My post in 2016 start with my worry and money. However, i hope my post become more positive and less materialistic. Since I promise to myself that at least, I produce one post in each week, any kind of post, though I hope I can produce more fictional story in this blog. My skill kinda rust, dont you think? Yosh, wish me luck in this target won’t you?
Anw, back to topic, Getting money become my concern lately. Since I dont have any regular job as a freelance (the consequencies that I am aware of), it made me worry. As a first born, there is unwritten task for me to provide money for the family. Even those money will be saved in the bank for future usage, but the burden to be the breadwinner (not the main one btw) in the family sometimes become a burden for me. Sometimes I feel ashamed if I don’t have any job on that month because I couldnt give money to my family.
Actually, the shame not having job kinda happen to me lately. It has been almost two months that I dont have any job to produce money. Being idle and achieve nothing is terrible plus I dont get any money. There are days that I want to shout, “How can I pay this bill if I dont have any money?” (Hyperbolic, I know). I also have so many plan that needs money. This terrible feeling even weighted me and affect my performance in the latest interview. I messed up, like really bad.

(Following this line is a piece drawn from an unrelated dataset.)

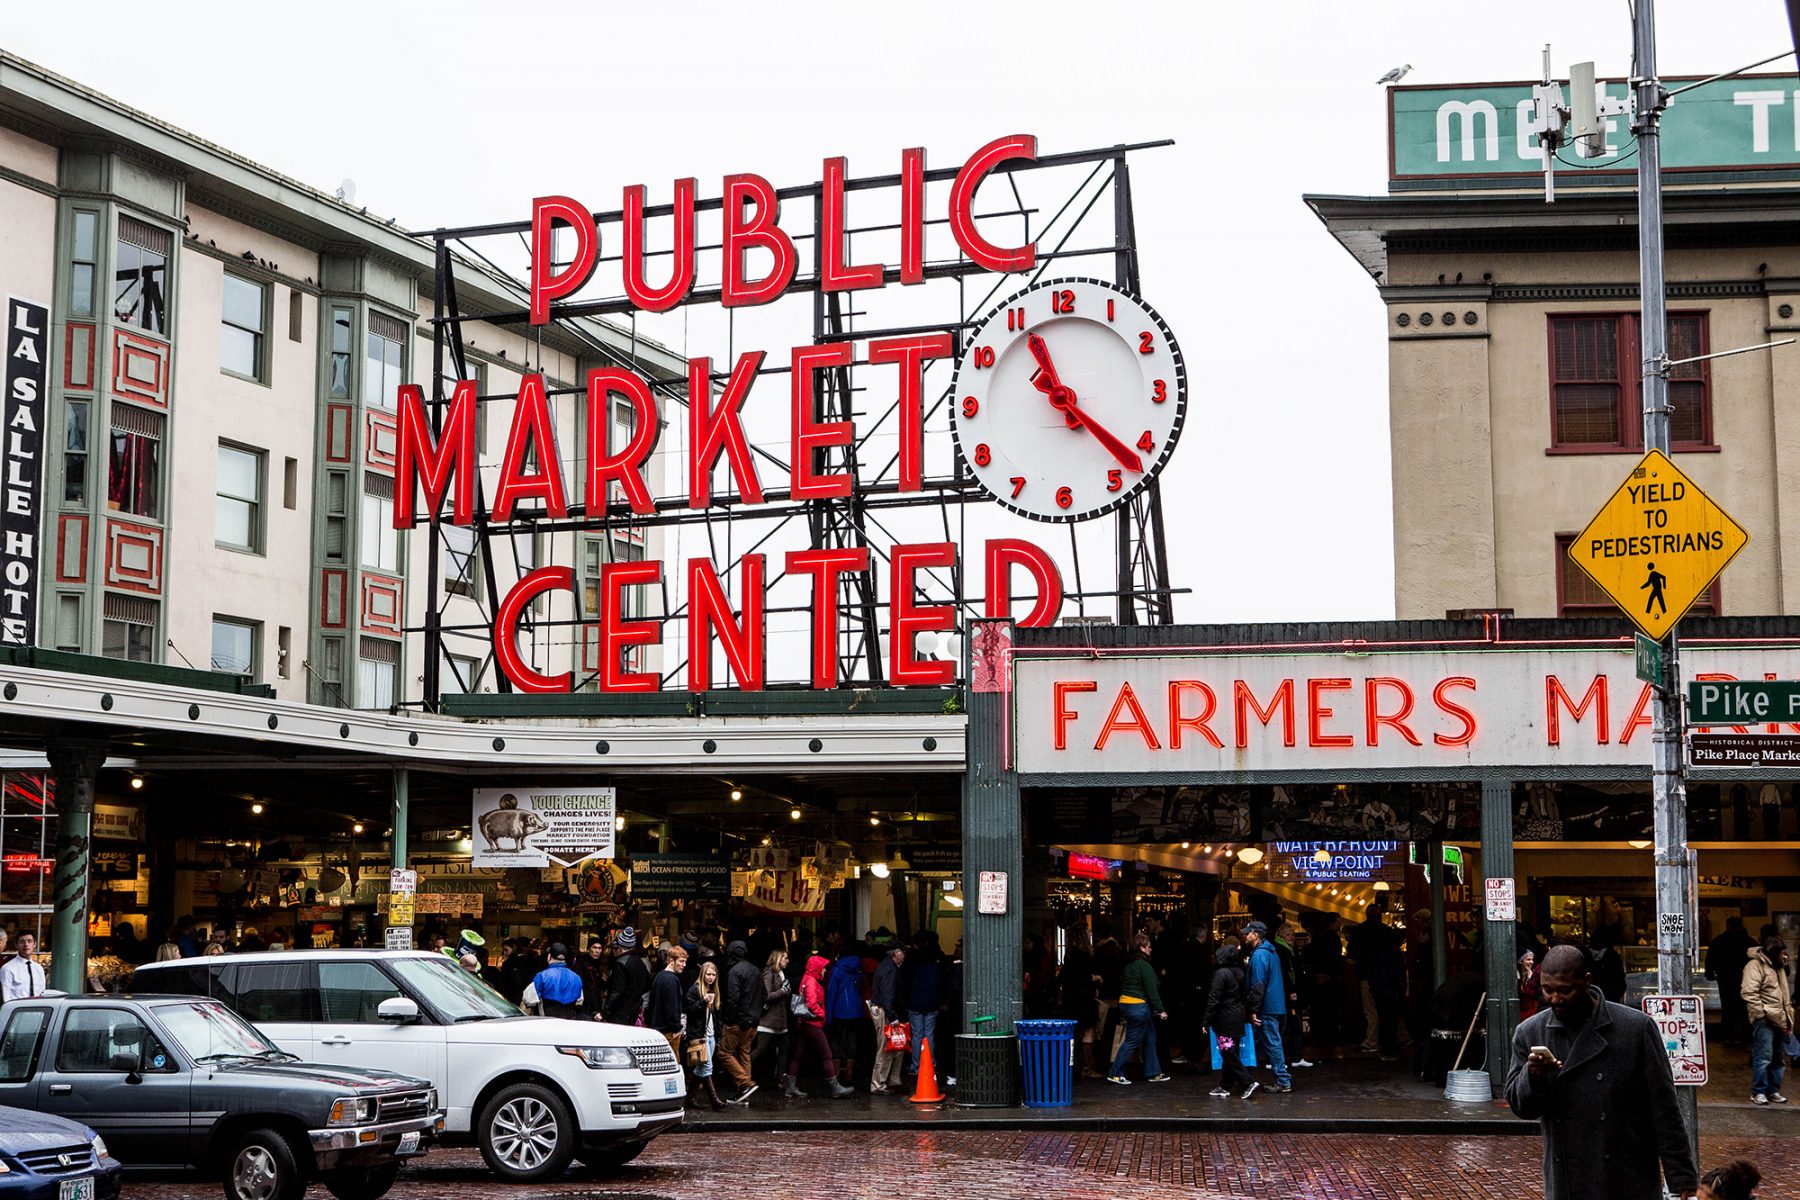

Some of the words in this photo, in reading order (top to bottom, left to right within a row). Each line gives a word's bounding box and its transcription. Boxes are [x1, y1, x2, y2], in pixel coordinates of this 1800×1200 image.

However, there is some points, between that worriness, that I remember him. You know, I was so nervous to attend my latest job interview because of many not-good-feelings surround me. Hence, I pray and pray and pray to God to make me calm.
After the not-good-interview done, I cried so bad since I feel like a loser and worried to disappoint my family. This awful feeling led me to read Holy Quran to make me calm. My crying become so hard when I read the verse with this translation as below
It felt like a slap in my face. I forgot there is The One who knows every thing good and bad for me. I forgot that He always find the way to guide me for the best choice. Then, if I have tried, I should accept whatever result He decide, right? Because He knows the best.
This acceptance don’t come easily for me. Being a hardheaded and low self esteem person, I know that I will bawl if the result don’t reach my expectation. However, so far, He never lets me down, why worry then? I just hope that I can learn and be enlightened after this process.
Then, problem to find the money is becoming less heavy. Currently, I have send cv to some projects. Hopefully, they will react positively to my application. One xperience make me realize that He never fails to show His way to show His Greatness to us. Since a year ago, I plan to buy my mom a smartphone, since almost all her old friends use it to communicate and it will be easier to her to do Silaturrahim by using smartphone. However, with my current condition, it is impossible to do do it. But, here come a good things. My brother’s friend let us buy his used smartphone with much cheaper price. We only need to repair some button and voila, the phone is as good as the new one. Then I realize, He shows His Greatness maybe not in the way that I want (e.g getting the money for buying smartphone) but sure the happy feeling can also be found with His way (getting smartphone for cheaper price). The only thing that I should do is believe Him, right?